[Recorded data]

##############################

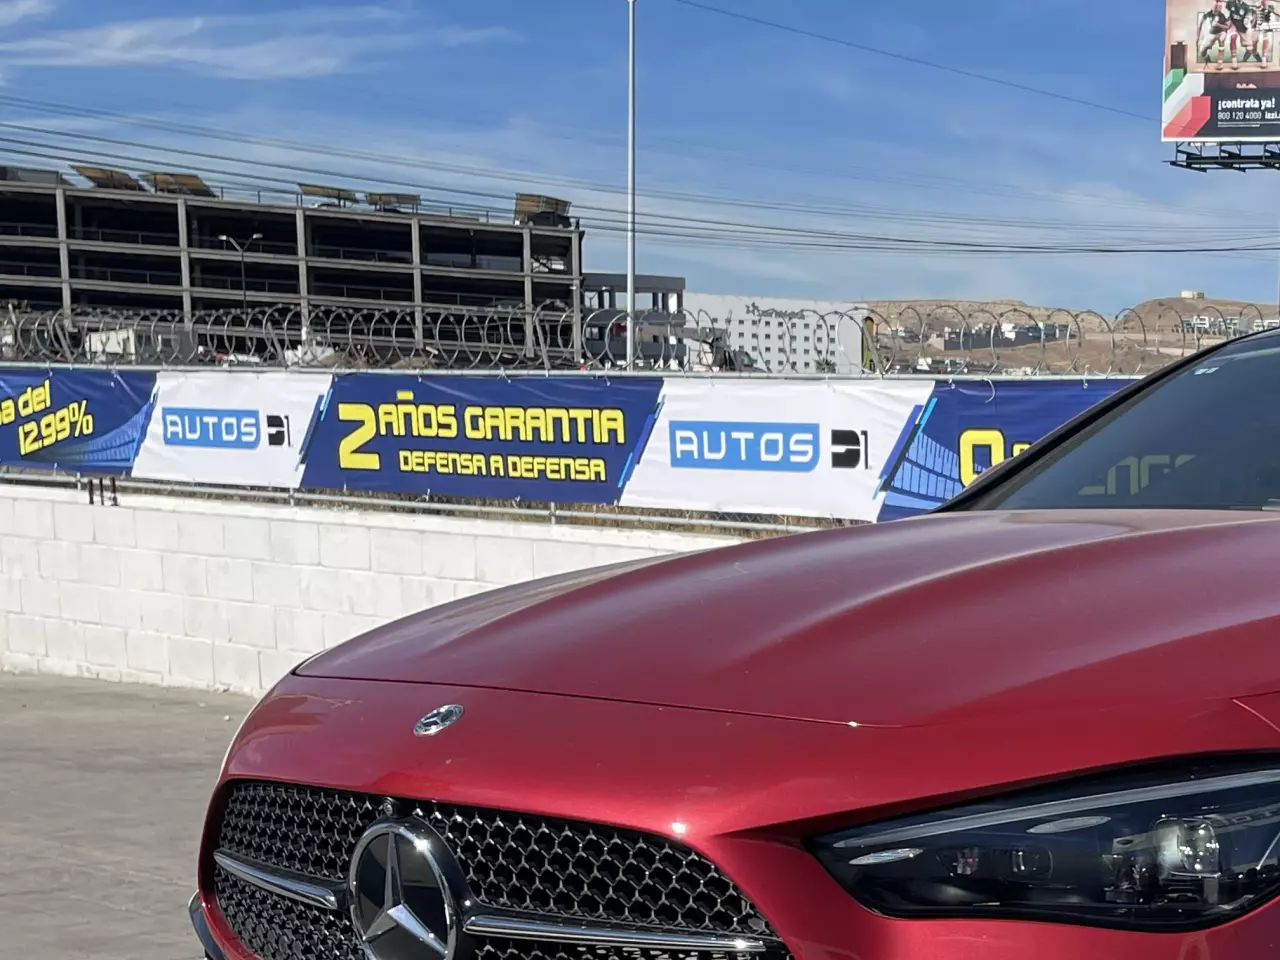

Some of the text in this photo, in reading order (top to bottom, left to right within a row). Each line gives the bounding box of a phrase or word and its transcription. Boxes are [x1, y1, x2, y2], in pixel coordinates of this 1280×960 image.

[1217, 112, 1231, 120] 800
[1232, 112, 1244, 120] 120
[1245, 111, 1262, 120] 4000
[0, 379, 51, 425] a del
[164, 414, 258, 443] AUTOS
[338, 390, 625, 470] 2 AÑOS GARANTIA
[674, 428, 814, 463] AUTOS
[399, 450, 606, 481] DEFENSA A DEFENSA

##############################

The data should be printed again unchanged; leave its pictures out.

Some of the text in this photo, in reading order (top to bottom, left to right within a row). Each line gives the bounding box of a phrase or word and its transcription. Boxes are [x1, y1, x2, y2], in pixel coordinates of this 1280×960 image.

[1217, 112, 1231, 120] 800
[1232, 112, 1244, 120] 120
[1245, 111, 1262, 120] 4000
[0, 379, 51, 425] a del
[164, 414, 258, 443] AUTOS
[338, 390, 625, 470] 2 AÑOS GARANTIA
[674, 428, 814, 463] AUTOS
[399, 450, 606, 481] DEFENSA A DEFENSA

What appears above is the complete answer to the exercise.